● **Exercise objective**
Beginning with the first entry, restate the data word for word and leave out the images.

[Images for object localization]
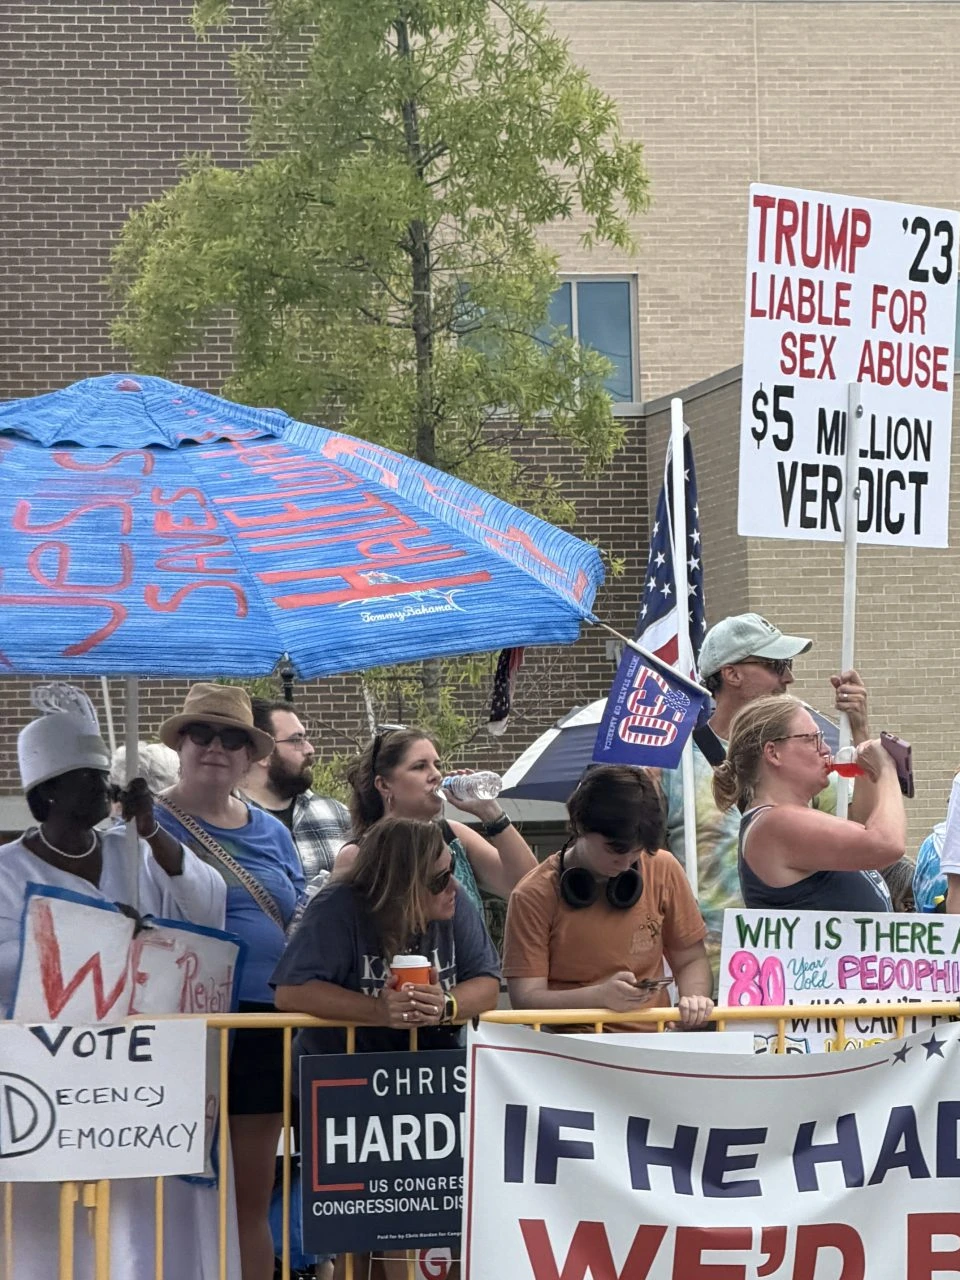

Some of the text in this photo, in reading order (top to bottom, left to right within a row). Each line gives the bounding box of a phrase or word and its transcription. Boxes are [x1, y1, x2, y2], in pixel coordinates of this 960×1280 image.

[753, 195, 871, 274] TRUMP
[750, 272, 927, 335] LIABLE FOR
[780, 331, 949, 392] SEX ABUSE
[751, 382, 932, 462] $5 MILION
[778, 461, 929, 535] VERDICT
[619, 679, 631, 704] STATES
[603, 716, 618, 751] AMERICA
[735, 914, 801, 949] WHY
[815, 917, 842, 950] IS
[854, 918, 944, 955] THERE
[728, 950, 785, 1006] 80
[29, 1025, 155, 1062] VOTE
[372, 1066, 467, 1097] CHRIS
[325, 1112, 465, 1164] HARD
[504, 1103, 595, 1184] IF
[626, 1115, 768, 1198] HE
[312, 1197, 439, 1216] CONGRESSIONAL
[369, 1180, 388, 1193] US

● **Task response**
Some of the text in this photo, in reading order (top to bottom, left to right within a row). Each line gives the bounding box of a phrase or word and its transcription. Boxes are [x1, y1, x2, y2], in pixel coordinates of this 960×1280 image.

[753, 195, 871, 274] TRUMP
[750, 272, 927, 335] LIABLE FOR
[780, 331, 949, 392] SEX ABUSE
[751, 382, 932, 462] $5 MILION
[778, 461, 929, 535] VERDICT
[619, 679, 631, 704] STATES
[603, 716, 618, 751] AMERICA
[735, 914, 801, 949] WHY
[815, 917, 842, 950] IS
[854, 918, 944, 955] THERE
[728, 950, 785, 1006] 80
[29, 1025, 155, 1062] VOTE
[372, 1066, 467, 1097] CHRIS
[325, 1112, 465, 1164] HARD
[504, 1103, 595, 1184] IF
[626, 1115, 768, 1198] HE
[312, 1197, 439, 1216] CONGRESSIONAL
[369, 1180, 388, 1193] US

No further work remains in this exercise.